Keynesian Cells
Tuesday, February 17th, 2009Among the many mechanisms available to a human cell is the ability to compensate for a defective gene. If a gene becomes mutated so that it no longer functions correctly, other proteins (genes are the blueprints for proteins), in some instance, can pick up the functional slack for the damaged gene. While this is not always the case and I know of no case where another protein can completely replace the damage gene, it does happen more often than one would think. The replacement, though, is always less efficient than the original. And in a great deal of circumstances a mutated gene becomes a death sentence. More than half of all cancers have a mutated gene called p53 and if you have a mutated p53 you will almost certainly develop cancer.

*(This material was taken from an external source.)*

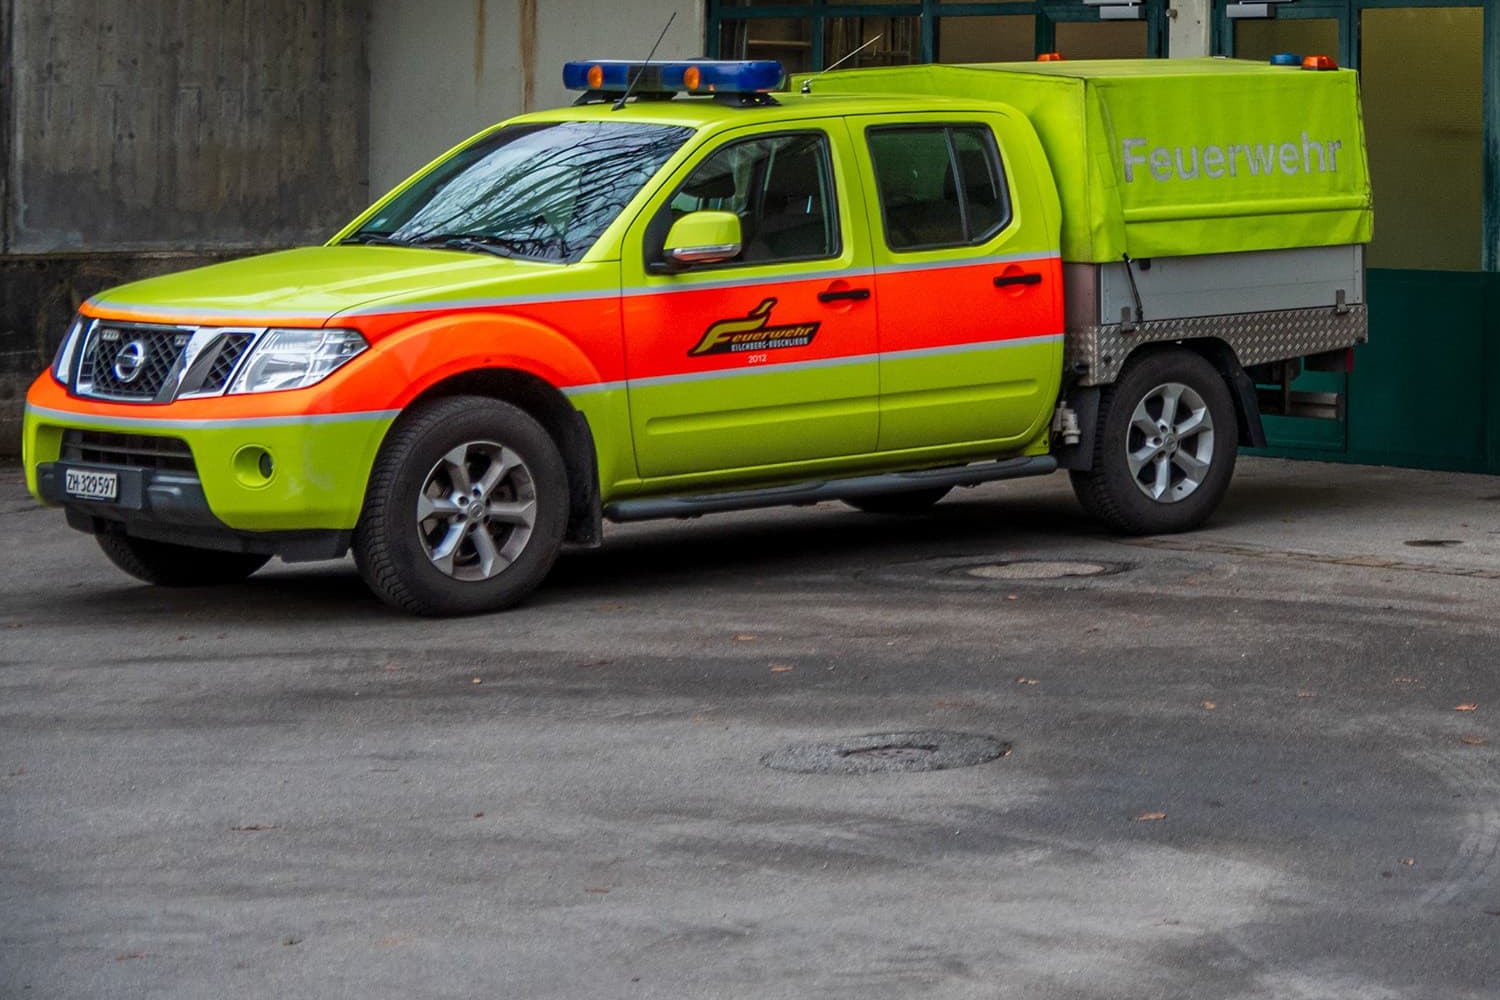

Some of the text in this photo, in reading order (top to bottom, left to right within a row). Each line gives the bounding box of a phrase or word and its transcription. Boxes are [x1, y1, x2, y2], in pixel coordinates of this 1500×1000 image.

[1121, 131, 1342, 183] Feuerwehr
[692, 300, 814, 354] Feuerwehr
[748, 354, 768, 364] 2012

All economies are composed of two things… supply and demand. There are people who demand things, smartphones, computers, cars, porn etcetera. People who supply things, HTC, Dell, Ford, Vivid. An economy is very much like a eukaryotic cell. It is very complex, there are overlapping pathways, there are built in redundancies (there are many companies offering smartphones with many of the same features) and the loss of any single entity does not automatically doom the system to failure. Like everything else, there are exceptions. Some genes, if lost, will result in catastrophe for the cell (and in some instances the body as a whole). While de Gaulle’s quip about cemeteries and indispensable people is certainly correct as regards people, it does not apply to proteins or economies. The consumer is two-thirds of the U.S. economy and without those consumers there is no U.S. economy. A fact we are all now very much aware. So what does an economy due when the indispensable one keels over dead? You look for some economic plasticity. Just as another gene can sometimes “fill-in” for a damaged gene, the Federal government sometimes has to fill-in for the damaged consumer. Is it optimal? No of course not. In the cell, the substitute gene usually can only keep the cell going long enough so that it can be destroyed in an orderly fashion thereby preventing damage to neighboring cells (a process called apoptosis). Similarly, the Federal government cannot keep the U.S. economy going indefinitely, but it can keep it going long enough for consumers (and by extension businesses) to regain their footing and start moving forward again.